**WORK TO BE COMPLETED**.
What you return must match the entries word for word, minus the pictures.
┄┄┄┄┄┄┄┄┄┄
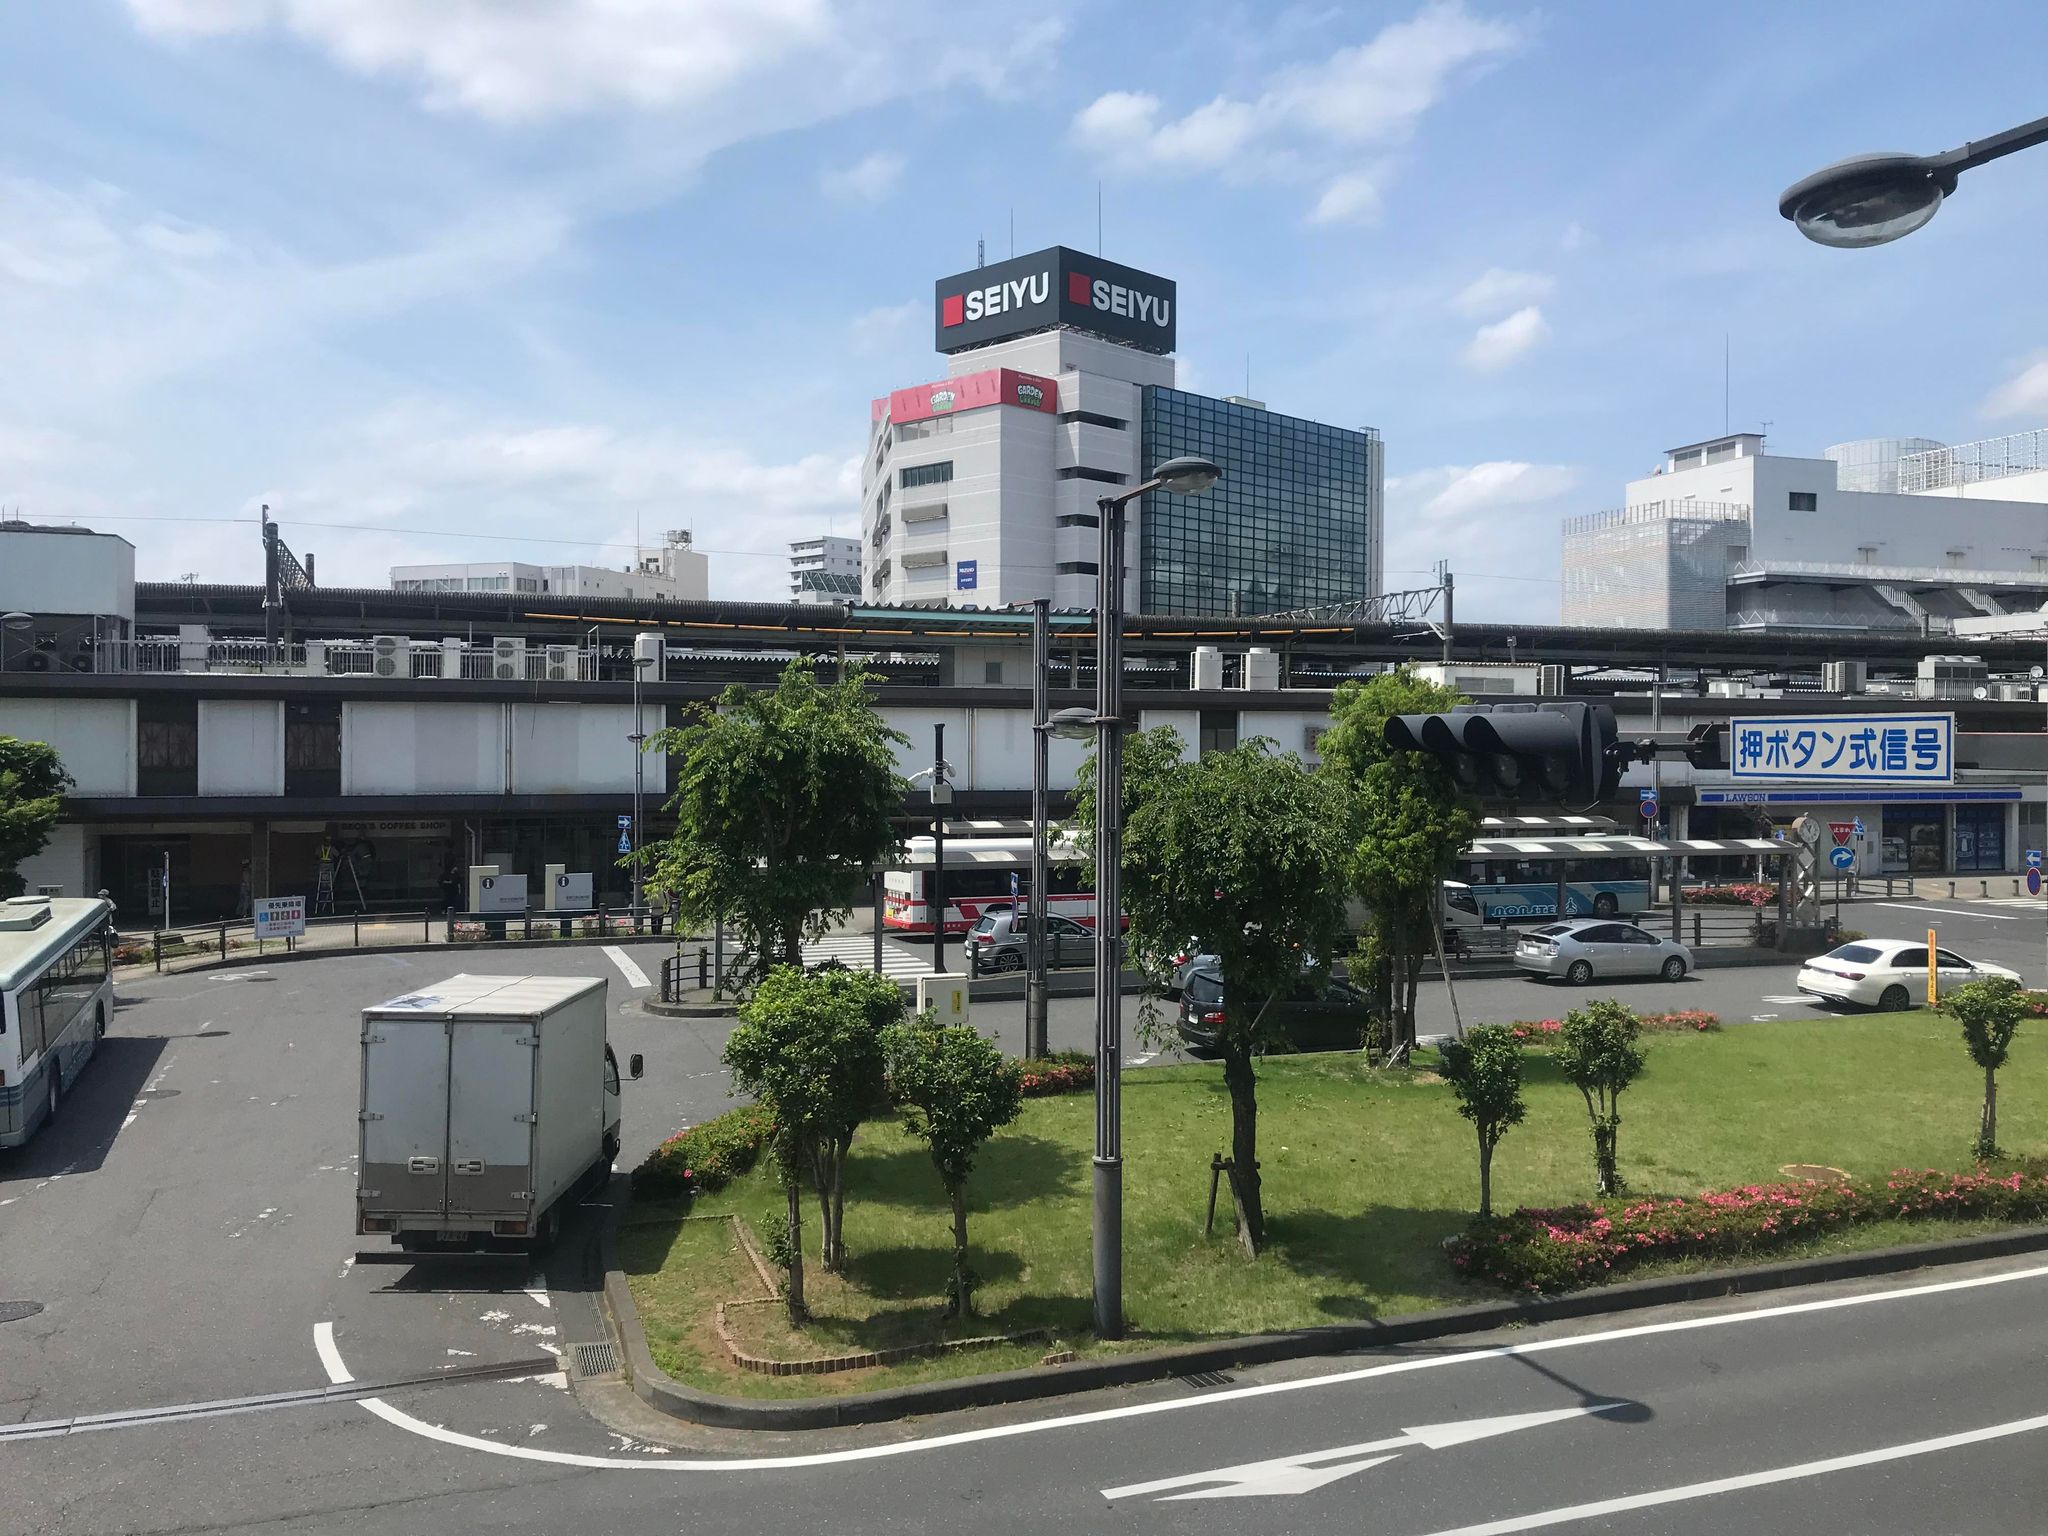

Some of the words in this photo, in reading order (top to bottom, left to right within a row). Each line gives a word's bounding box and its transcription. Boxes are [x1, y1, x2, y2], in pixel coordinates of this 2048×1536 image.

[965, 271, 1049, 321] SEIYU
[1092, 279, 1170, 328] SEIYU
[1017, 384, 1044, 400] GARDEN
[1739, 727, 1942, 772] 押ボタン式信号
[1725, 793, 1766, 802] LAWSON
[379, 822, 416, 830] COFFEE
[420, 821, 446, 830] SHOP
┄┄┄┄┄┄┄┄┄┄
**REPLY**.
Some of the words in this photo, in reading order (top to bottom, left to right within a row). Each line gives a word's bounding box and its transcription. Boxes are [x1, y1, x2, y2], in pixel coordinates of this 2048×1536 image.

[965, 271, 1049, 321] SEIYU
[1092, 279, 1170, 328] SEIYU
[1017, 384, 1044, 400] GARDEN
[1739, 727, 1942, 772] 押ボタン式信号
[1725, 793, 1766, 802] LAWSON
[379, 822, 416, 830] COFFEE
[420, 821, 446, 830] SHOP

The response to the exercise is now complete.